Mastitis an infection of the breast that may occur as early as the seventh postpartal day or when the baby is weeks or months old. This is caused by an organism that enters the mother’s breast through the cracked or fissured nipples.
According to Betzold, author of the An Update on the Recognition and Management of Lactational Breast Inflammation, mastitis refers to the inflammation of the breast, with or without infection or redness and may be caused by a variety of etiologies.

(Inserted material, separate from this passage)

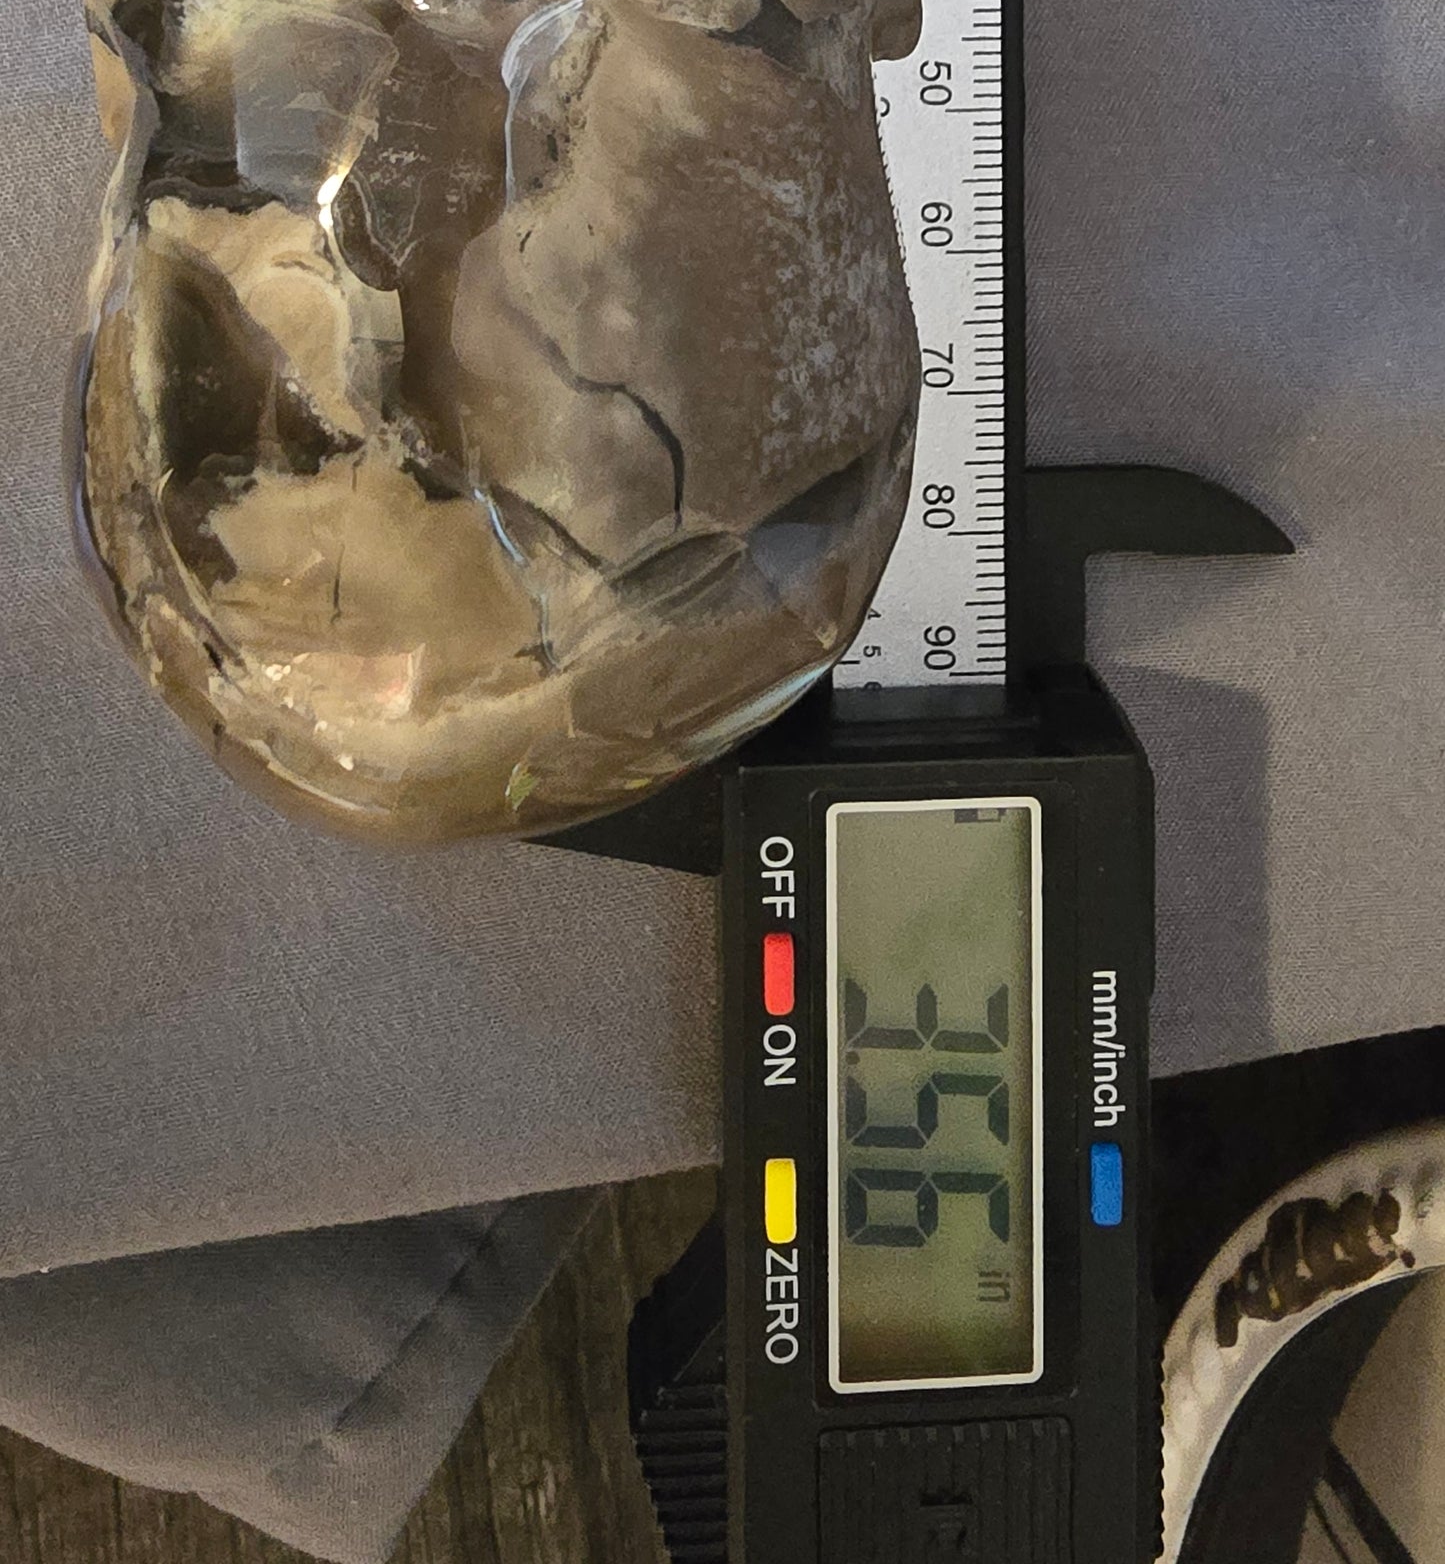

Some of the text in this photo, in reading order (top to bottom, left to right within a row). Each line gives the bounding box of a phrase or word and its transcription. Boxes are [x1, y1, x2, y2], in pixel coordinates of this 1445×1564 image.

Its presentation ranges from a fairly benign blocked duct to a more serious breast abscess. She further states that the true infectious mastitis can present in a manner that is easily identifiable, and that, in some women, the challenge of recurrent mastitis and its underlying causes might never be discovered.
Though considered benign, if mastitis is untreated early or if two days have passed before initiating treatment, it can lead to serious complications like chronic or recurrent mastitis or breast abscess.
Prevention of mastitis
Measures in preventing cracked and fissured nipples from arising can also be implemented for the prevention of mastitis. These include the following:
- Making certain that the baby is properly positioned and is grasping the nipples correctly, including both the nipples and areola.
- Before removing the baby from the breast, the mother should release first the baby’s grasp on the nipples to keep it from being pulled when terminating breastfeeding.
- Washing your hands after handling perineal pads and touching the breast is a must.
- Keeping the nipples dry by exposing them to air after feeding.
- Use of Vitamin E ointment to soften the nipples daily.